Verbatim copy without images: return all of the data as it stands.

● **Given records**:
|---|
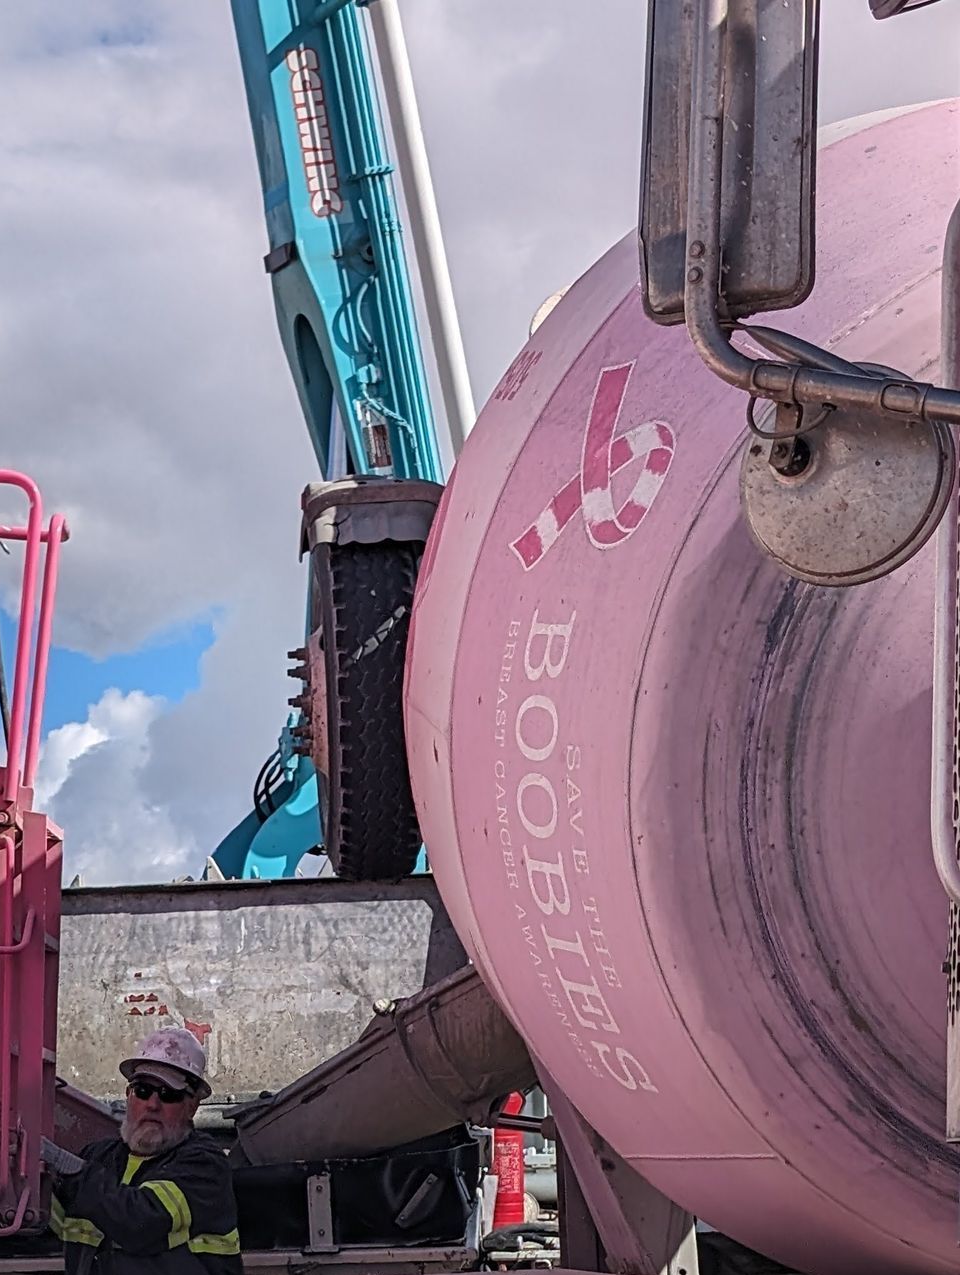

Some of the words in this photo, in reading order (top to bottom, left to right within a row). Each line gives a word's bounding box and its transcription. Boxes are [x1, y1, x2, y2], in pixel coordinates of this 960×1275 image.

[286, 48, 343, 218] SCHWING
[494, 620, 521, 748] BREAST
[494, 760, 519, 889] CANCER
[515, 608, 659, 1094] BOOBIES
[566, 744, 590, 876] SAVE
[581, 896, 623, 989] THE
[515, 903, 605, 1079] AWARENESS
|---|
● **Solution to the problem**:
Some of the words in this photo, in reading order (top to bottom, left to right within a row). Each line gives a word's bounding box and its transcription. Boxes are [x1, y1, x2, y2], in pixel coordinates of this 960×1275 image.

[286, 48, 343, 218] SCHWING
[494, 620, 521, 748] BREAST
[494, 760, 519, 889] CANCER
[515, 608, 659, 1094] BOOBIES
[566, 744, 590, 876] SAVE
[581, 896, 623, 989] THE
[515, 903, 605, 1079] AWARENESS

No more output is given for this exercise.